Task directions: From the first line to the last, restate the records word for word, skipping the pictures.

Dataset entries:
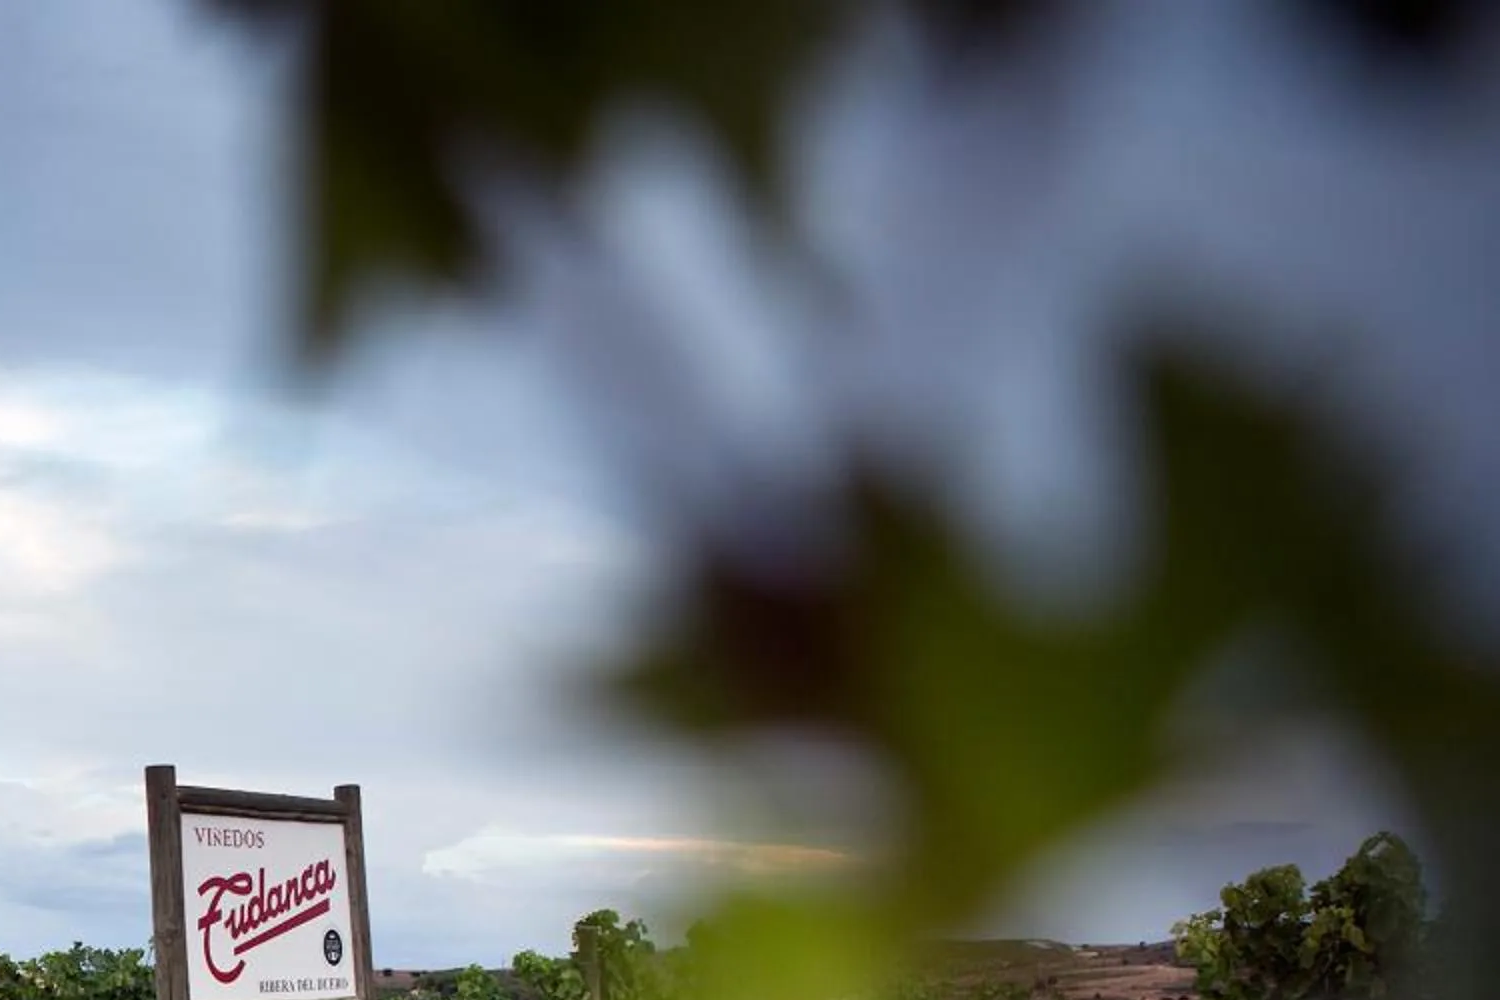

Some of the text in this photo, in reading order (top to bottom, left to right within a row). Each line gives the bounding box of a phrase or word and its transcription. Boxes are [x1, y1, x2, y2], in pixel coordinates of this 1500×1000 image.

[198, 859, 336, 983] Tudanca
[259, 977, 349, 993] RIBERA DEL DUERO
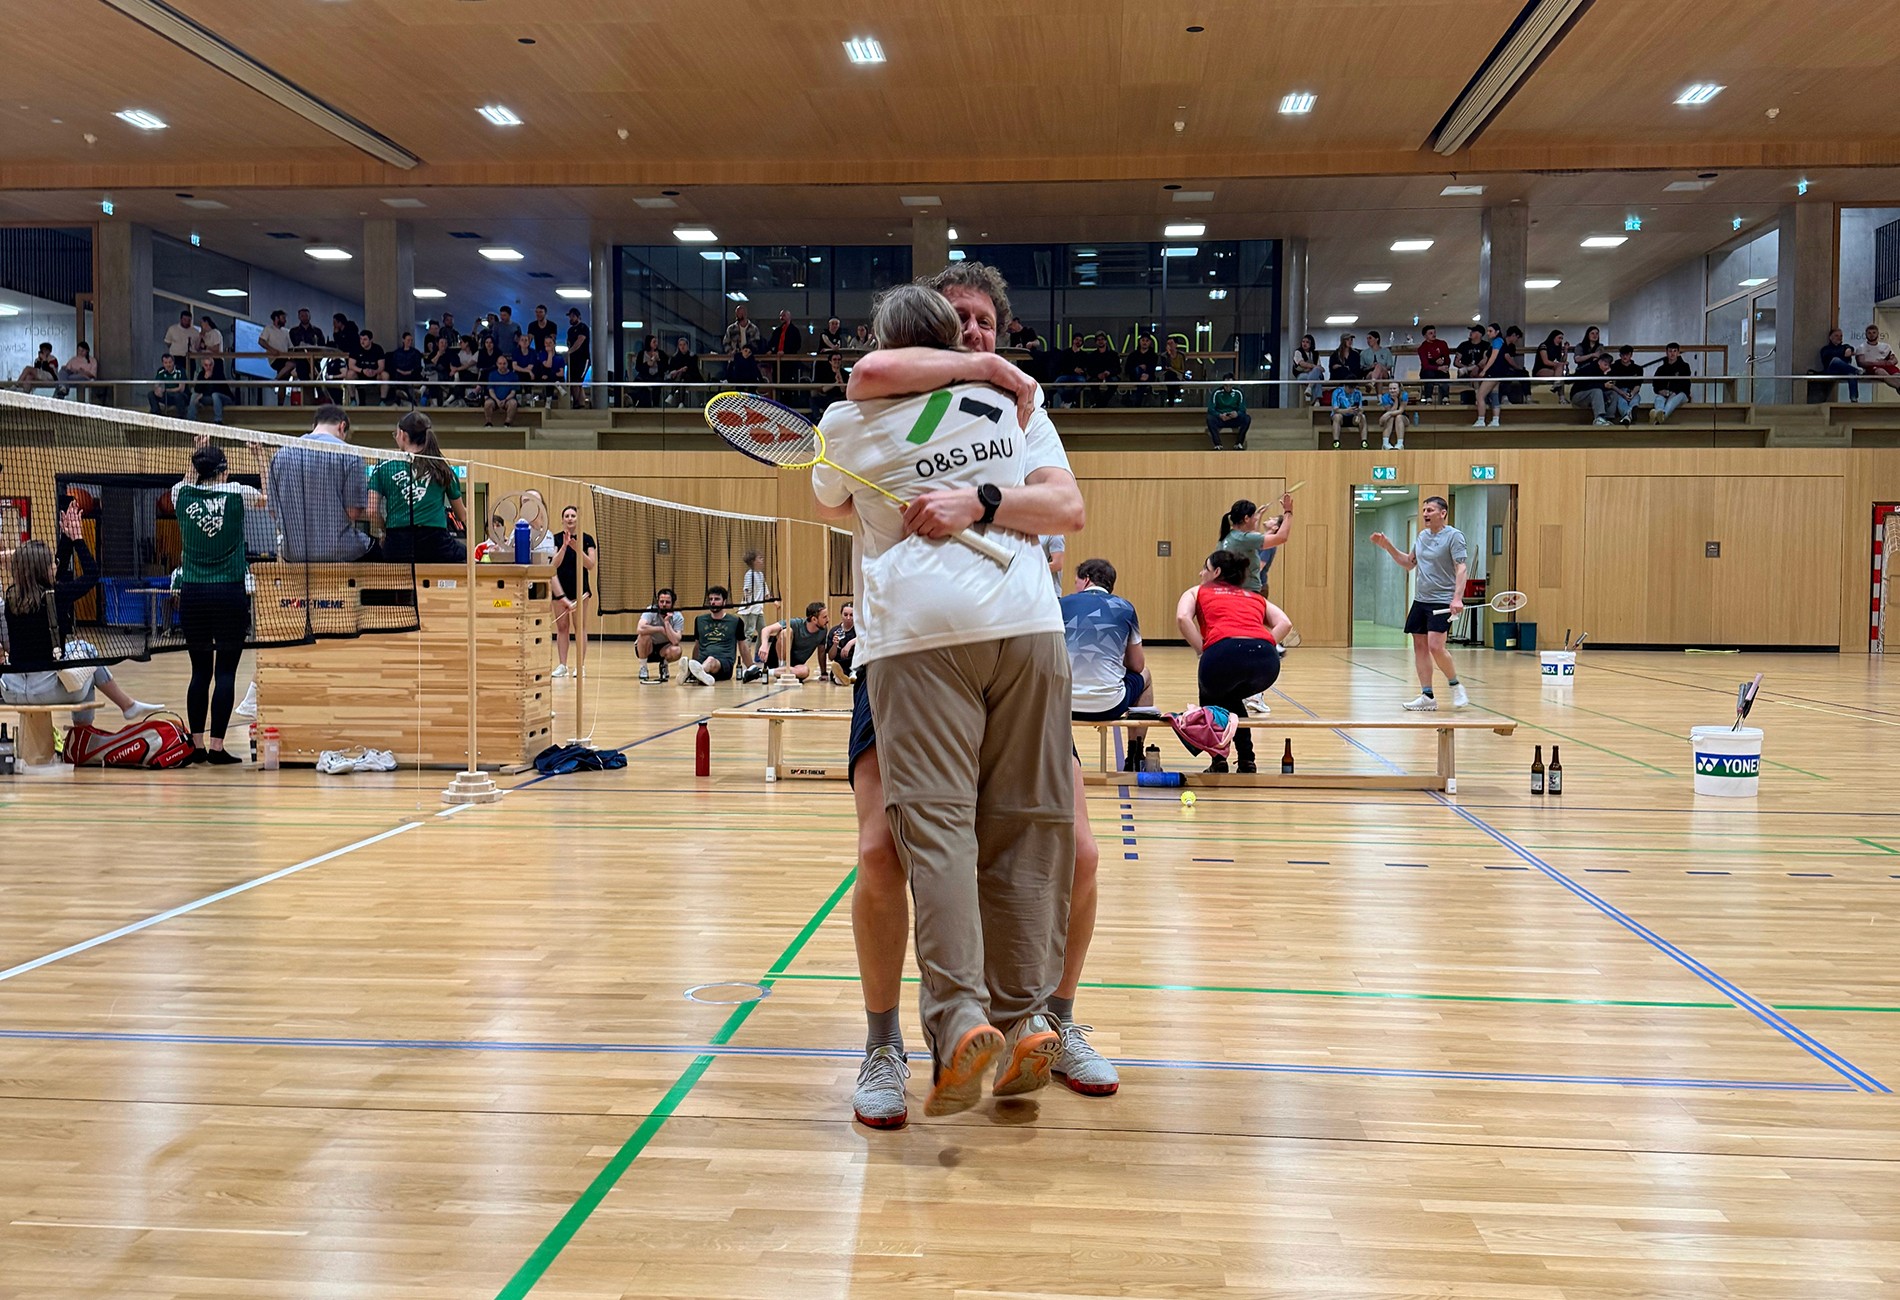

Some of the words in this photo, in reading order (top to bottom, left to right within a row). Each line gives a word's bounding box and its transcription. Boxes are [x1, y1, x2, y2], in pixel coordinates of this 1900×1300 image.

[915, 447, 968, 478] O&S
[971, 438, 1013, 461] BAU
[1542, 665, 1557, 674] NEX
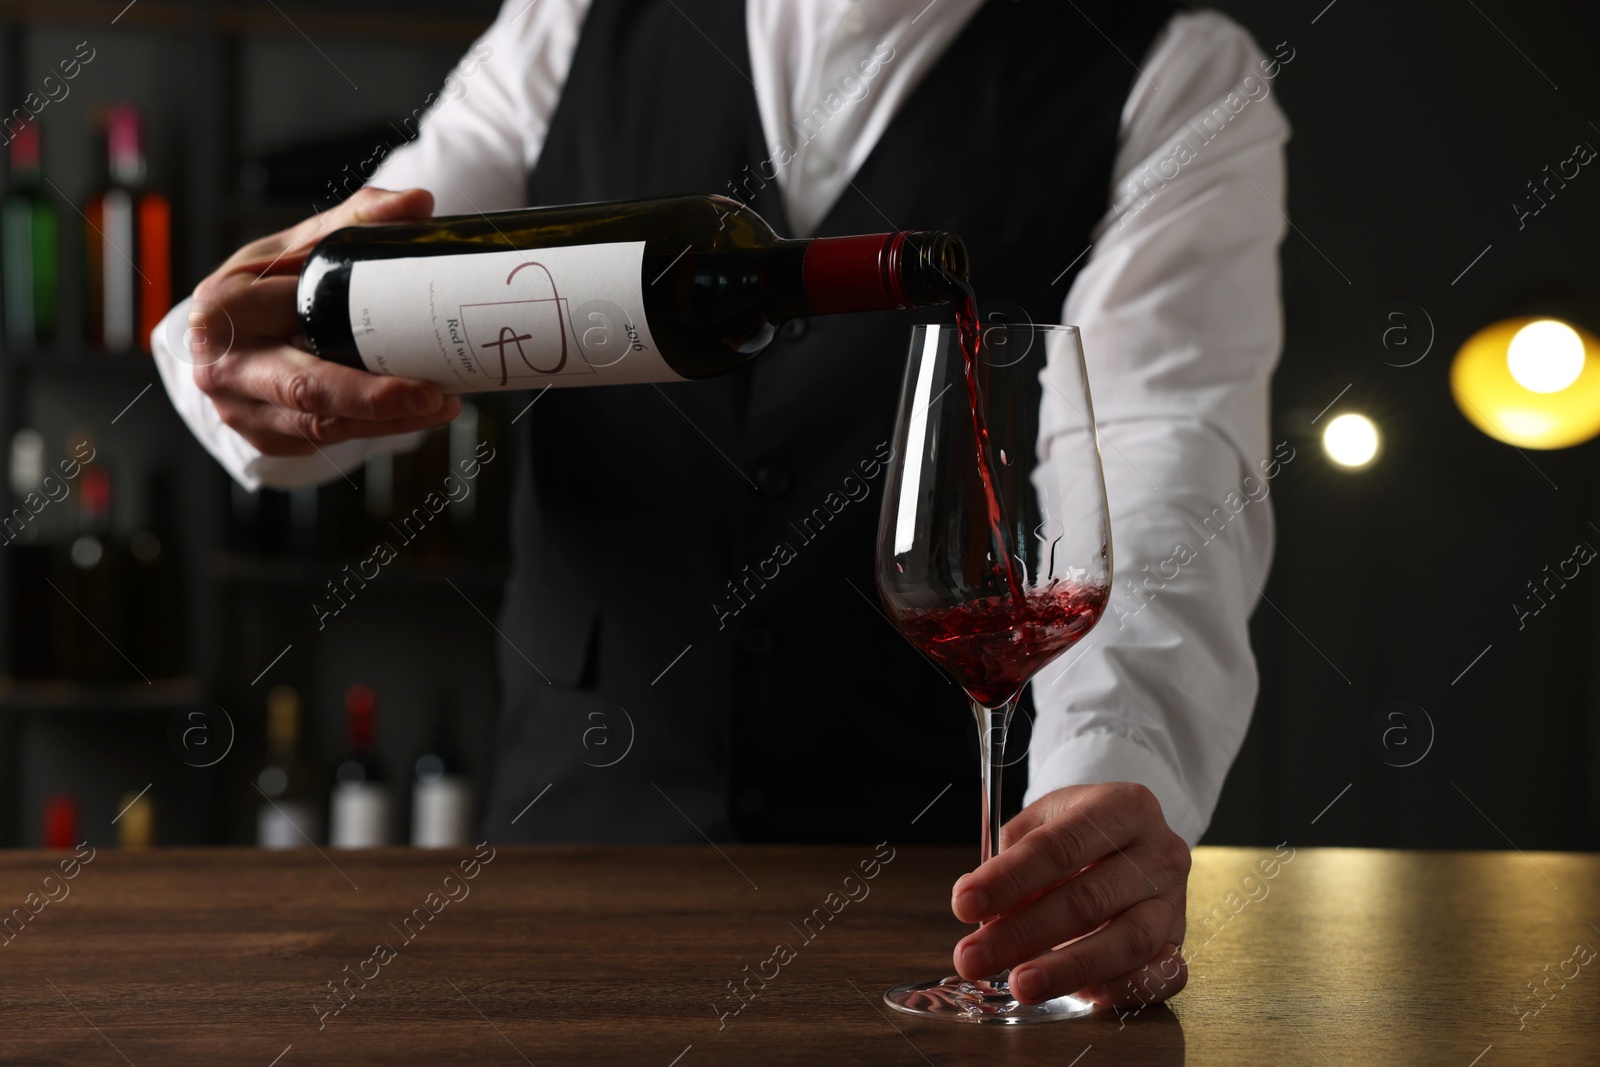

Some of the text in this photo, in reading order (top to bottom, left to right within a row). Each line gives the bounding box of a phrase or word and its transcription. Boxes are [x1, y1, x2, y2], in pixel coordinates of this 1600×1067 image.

Task output:
Some of the text in this photo, in reading order (top to bottom, left to right within a row). Each line gives the bounding box of a phrase or word and its transcription. Boxes are [x1, y1, x2, y2], in pixel coordinates of this 1500×1000 image.

[198, 859, 336, 983] Tudanca
[259, 977, 349, 993] RIBERA DEL DUERO

Some of the words in this photo, in reading order (top to bottom, left to right within a row). Each line gives a word's bounding box and its transcription. Boxes are [x1, y1, x2, y2], in pixel coordinates of this 1900×1300 image.

[915, 447, 968, 478] O&S
[971, 438, 1013, 461] BAU
[1542, 665, 1557, 674] NEX

Some of the text in this photo, in reading order (top to bottom, left to right within a row). Each line gives the bounding box of a phrase or word and its transcription. Boxes are [x1, y1, x2, y2], in pixel coordinates of this 1600×1067 image.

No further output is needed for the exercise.